PushMe
FreemiumRealtime high-signal alerts for breaking events with reusable watch packs and push/email notifications.
What does this tool do?
PushMe is a real-time alert aggregation tool designed to notify users about breaking events across specific topics they care about. Users define custom watch criteria—either manually or by using ChatGPT prompts to generate rules—and receive push or email notifications when matching events occur. The platform appears to monitor news sources and event streams across geopolitical events, financial markets, security incidents, and weather. Rather than being a general notification service, it positions itself as a high-signal alerts platform, emphasizing relevance and timeliness. The "reusable watch packs" mentioned suggest pre-built alert templates for common monitoring scenarios. The tool includes distribution features like shareable links and comparison pages to help users drive traffic, suggesting it has a built-in referral or content marketing angle.

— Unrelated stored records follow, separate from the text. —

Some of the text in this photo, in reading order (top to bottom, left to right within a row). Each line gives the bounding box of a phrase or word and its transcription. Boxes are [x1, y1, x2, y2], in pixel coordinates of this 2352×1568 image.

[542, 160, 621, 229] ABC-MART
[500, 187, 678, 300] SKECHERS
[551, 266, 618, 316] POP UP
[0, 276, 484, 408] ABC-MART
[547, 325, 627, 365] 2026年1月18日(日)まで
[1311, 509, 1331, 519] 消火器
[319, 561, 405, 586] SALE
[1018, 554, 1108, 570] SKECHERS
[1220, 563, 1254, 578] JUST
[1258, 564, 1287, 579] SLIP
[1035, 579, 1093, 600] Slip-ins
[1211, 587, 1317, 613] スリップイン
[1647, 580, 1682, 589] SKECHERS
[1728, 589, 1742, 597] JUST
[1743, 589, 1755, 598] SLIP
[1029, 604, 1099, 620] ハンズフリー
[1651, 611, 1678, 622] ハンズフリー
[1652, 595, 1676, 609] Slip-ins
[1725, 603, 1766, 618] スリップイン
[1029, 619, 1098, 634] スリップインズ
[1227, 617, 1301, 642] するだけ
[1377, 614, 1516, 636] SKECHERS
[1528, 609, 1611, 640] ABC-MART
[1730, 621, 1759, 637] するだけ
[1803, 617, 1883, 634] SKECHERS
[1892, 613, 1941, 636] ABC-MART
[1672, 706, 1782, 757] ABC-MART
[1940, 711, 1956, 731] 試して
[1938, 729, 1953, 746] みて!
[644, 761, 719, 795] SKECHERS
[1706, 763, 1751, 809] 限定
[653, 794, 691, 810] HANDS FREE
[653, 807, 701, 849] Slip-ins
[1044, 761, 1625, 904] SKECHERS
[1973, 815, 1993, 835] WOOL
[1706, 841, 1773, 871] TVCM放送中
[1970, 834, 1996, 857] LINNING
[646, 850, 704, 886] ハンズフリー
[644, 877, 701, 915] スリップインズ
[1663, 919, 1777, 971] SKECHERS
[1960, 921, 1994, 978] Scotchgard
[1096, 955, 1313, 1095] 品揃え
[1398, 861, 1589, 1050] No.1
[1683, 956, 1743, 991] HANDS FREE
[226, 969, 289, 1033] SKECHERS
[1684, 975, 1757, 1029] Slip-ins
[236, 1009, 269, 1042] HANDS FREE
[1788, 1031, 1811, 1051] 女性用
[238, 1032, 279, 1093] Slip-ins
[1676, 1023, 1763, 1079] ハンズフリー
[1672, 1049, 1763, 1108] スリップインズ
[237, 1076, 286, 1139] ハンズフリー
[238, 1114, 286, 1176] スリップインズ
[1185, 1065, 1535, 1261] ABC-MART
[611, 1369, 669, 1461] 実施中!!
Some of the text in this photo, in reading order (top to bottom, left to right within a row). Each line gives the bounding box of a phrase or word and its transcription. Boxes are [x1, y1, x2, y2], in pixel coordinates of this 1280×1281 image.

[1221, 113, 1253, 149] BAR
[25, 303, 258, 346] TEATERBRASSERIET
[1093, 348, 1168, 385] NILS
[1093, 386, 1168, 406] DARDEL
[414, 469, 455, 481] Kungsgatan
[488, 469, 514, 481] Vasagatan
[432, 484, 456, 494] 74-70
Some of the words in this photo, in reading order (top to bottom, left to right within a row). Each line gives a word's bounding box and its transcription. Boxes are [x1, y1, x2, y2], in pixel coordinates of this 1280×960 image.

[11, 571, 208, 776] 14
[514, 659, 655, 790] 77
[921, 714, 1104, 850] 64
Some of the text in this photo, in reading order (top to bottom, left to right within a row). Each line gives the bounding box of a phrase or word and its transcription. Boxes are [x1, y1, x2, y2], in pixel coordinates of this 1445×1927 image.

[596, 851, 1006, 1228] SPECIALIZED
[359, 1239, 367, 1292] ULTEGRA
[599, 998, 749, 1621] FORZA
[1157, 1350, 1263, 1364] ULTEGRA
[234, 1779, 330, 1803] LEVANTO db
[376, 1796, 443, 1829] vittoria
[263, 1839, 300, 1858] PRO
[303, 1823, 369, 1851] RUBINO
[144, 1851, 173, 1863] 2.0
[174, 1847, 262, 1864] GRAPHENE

AI analysis from Feb 23, 2026
Key Features
- Custom watch packs—reusable alert templates and rules that users can create and apply to specific monitoring scenarios
- ChatGPT-assisted rule generation—ability to use natural language prompts in ChatGPT to auto-generate notification rules for pasting into the platform
- Push and email notifications—dual notification channels for delivering breaking alerts
- Real-time event monitoring—tracks breaking events across geopolitical, financial, security, and weather categories
- Shareable alert links—distribution mechanism allowing users to share live alert feeds with their network
- Comparison pages—SEO-friendly content pages designed to capture high-intent search traffic and drive user acquisition
Use Cases
- 1Financial traders monitoring market-moving central bank decisions and economic announcements in real-time
- 2Security professionals tracking critical vulnerability disclosures and security breaches across systems they manage
- 3Geopolitical analysts and news organizations monitoring international conflicts and escalations for breaking story coverage
- 4Supply chain managers receiving alerts about infrastructure damage or severe weather affecting logistics routes
- 5Business development teams tracking competitor product launches and major market announcements
- 6Risk managers monitoring civil unrest and political instability in regions where they operate
- 7Emergency response coordinators receiving severe weather and disaster alerts for rapid deployment decisions
Pros & Cons
Advantages
- Fast setup with ChatGPT integration—users can generate custom alert rules via prompts and paste them directly into watch fields, reducing manual configuration time
- High-signal filtering emphasis—explicitly designed to avoid spam by focusing on genuinely important breaking events rather than all mentions
- Multi-channel notifications—supports both push and email, allowing users to choose their preferred alert delivery method
Limitations
- Pricing details are completely absent from the website, making it impossible to assess cost or freemium tier limitations
- Limited transparency on data sources—unclear which news outlets, APIs, or data feeds power the alerts, making quality hard to judge
- No visible integrations or API documentation—users appear locked into the platform's native notification channels with no mention of Slack, webhooks, or third-party tool connections
- Vague on accuracy and false positive rates—no mention of how the platform validates events or prevents low-confidence alerts from triggering
- Unclear alert customization depth—examples show broad categories but lack detail on how granular rules can be (e.g., geographic filters, severity thresholds)
Pricing Details
Pricing details not publicly available.
Who is this for?
Financial traders and analysts, geopolitical researchers and journalists, security and infrastructure professionals, supply chain and operations managers, and business intelligence teams who need real-time alerts about breaking events in specific domains. Best suited for individuals or small teams making time-sensitive decisions based on news or events.